I transcribed this from an episode of Lovett or Leave It some time ago. I forget exactly which episode, but it was in the Before Times, and I never got around to posting it. It was also long before Bernie Sanders dropped out of the presidential primary race, and the deeply despondent response of some Bernie supporters to a Biden candidacy brought it to mind again:
When someone says to you, “Oh, I think Trump is gonna win,” say to them, “What did you do this week to prevent that from happening?” That’s all. “Oh, you think Trump’s going to win? You must think that’s a real emergency then. Wow, you’re that pessimistic? Did you donate to anybody? Did you knock on any doors? Did you do anything? Oh, you did nothing? You did absolutely nothing… So you’re just somebody who wants to make everybody feel bad?”

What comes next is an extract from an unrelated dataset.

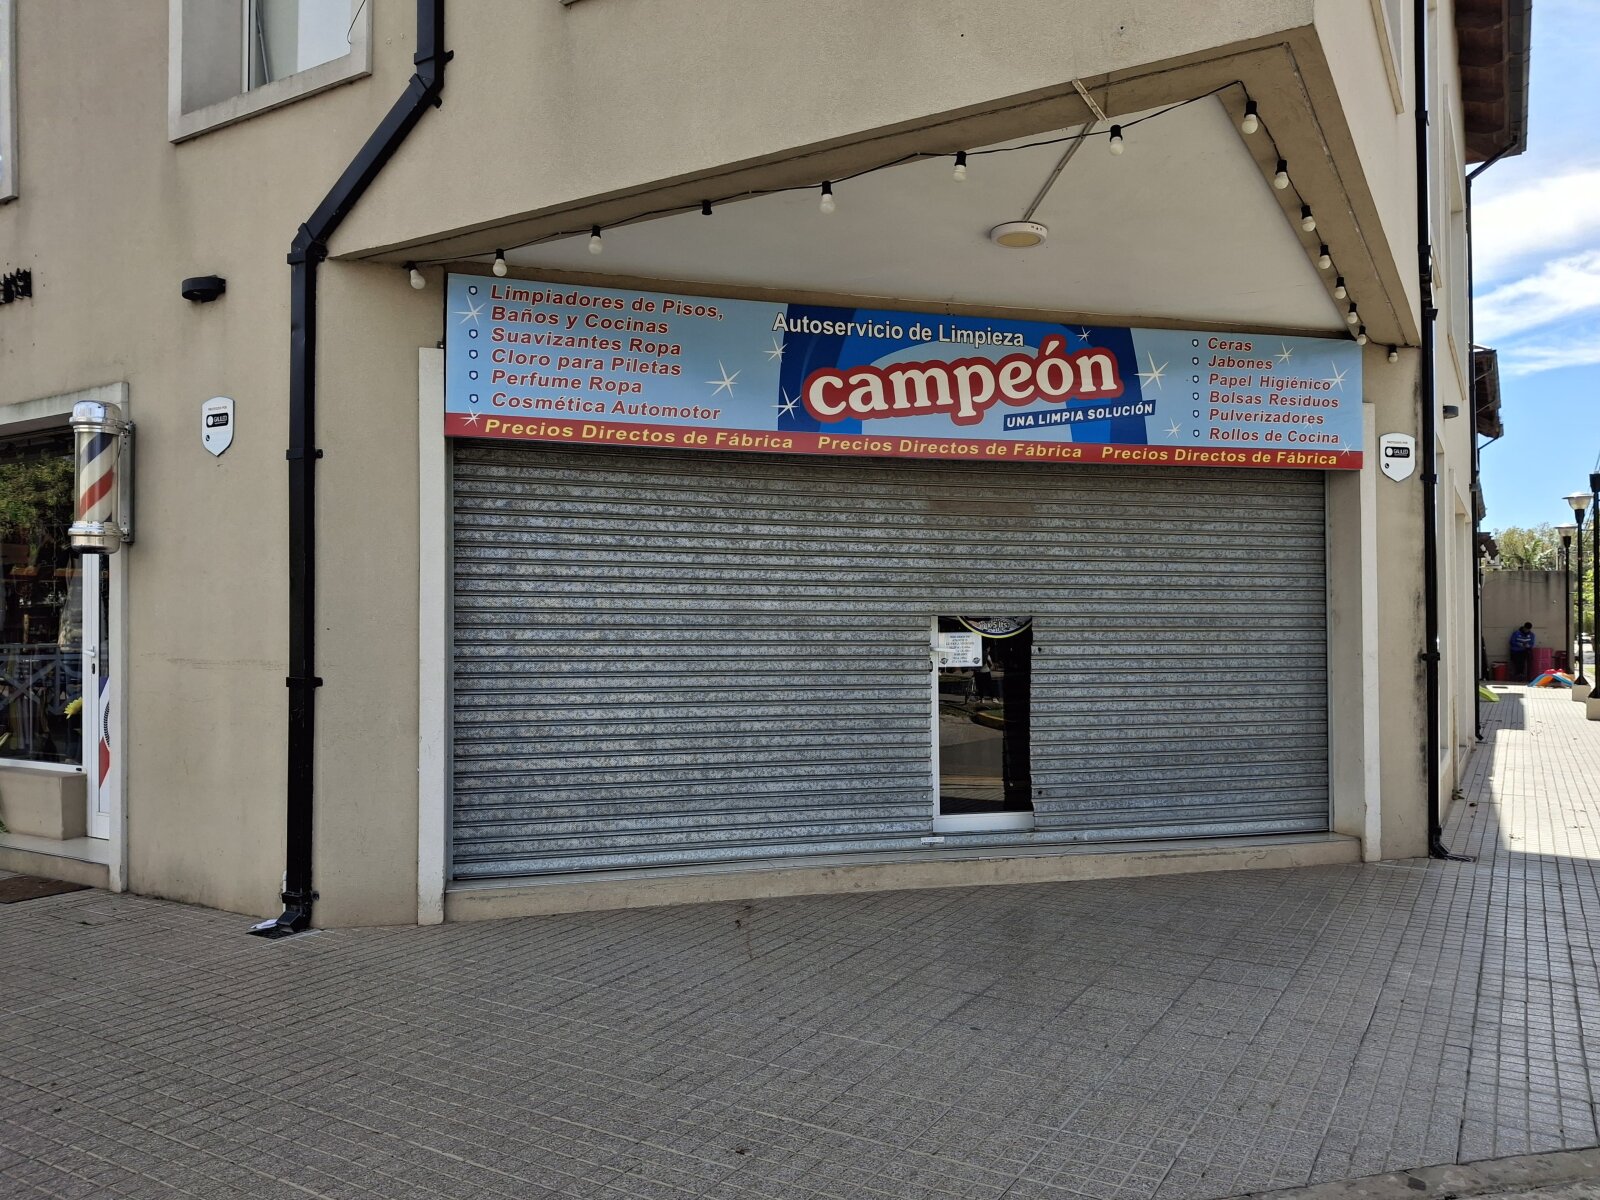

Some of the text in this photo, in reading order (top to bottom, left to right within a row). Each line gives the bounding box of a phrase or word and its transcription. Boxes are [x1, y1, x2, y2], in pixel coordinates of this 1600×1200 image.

If somebody says Trump is gonna win, you say, “You don’t know that. And if you think that, you need to do something to stop it. Now get the f*ck out of my face.”
It’s harsh, and somewhat joking – it is a comedy podcast – but it’s a serious point. It also came to mind as I read a Guardian article about a pair of new books: EJ Dionne’s Code Red, and Eitan Hersh’s Politics is for Power. I think this, referencing the latter, follows on Lovett’s point:
Hersh, meanwhile, identifies a crucial first step toward righting our water-soaked ship of state: spend less time on “hobbyism or slacktivism”, which mostly consists of preaching to the converted (or picking fights with people we’ve never met) on Facebook and Twitter.
In 2018, Hersh asked a representative sample of Americans how much time they devoted to any kind of political activity. One third said they spent two hours or more each day on politics. But of these people, four out of five also said that “not one minute of that time is spent on any kind of real political work. It’s all TV news and podcasts … and social media and cheering and booing and complaining to friends and family.”
Spending time online, reading Twitter, Facebook, Slack, even this post, that’s one thing. Staying informed, learning, and building community can happen on the internet. But there’s a big difference between the kind of “spending time on politics” described there, and actually working to effect lasting change for our country and for our neighbors’ lives.
You don’t need to read another outrage article about how bad Trump and the Trumpist Republican party is. You knew it before he was elected, and you already know it hundreds of times more than you did then. Close your social media tabs, and get to work.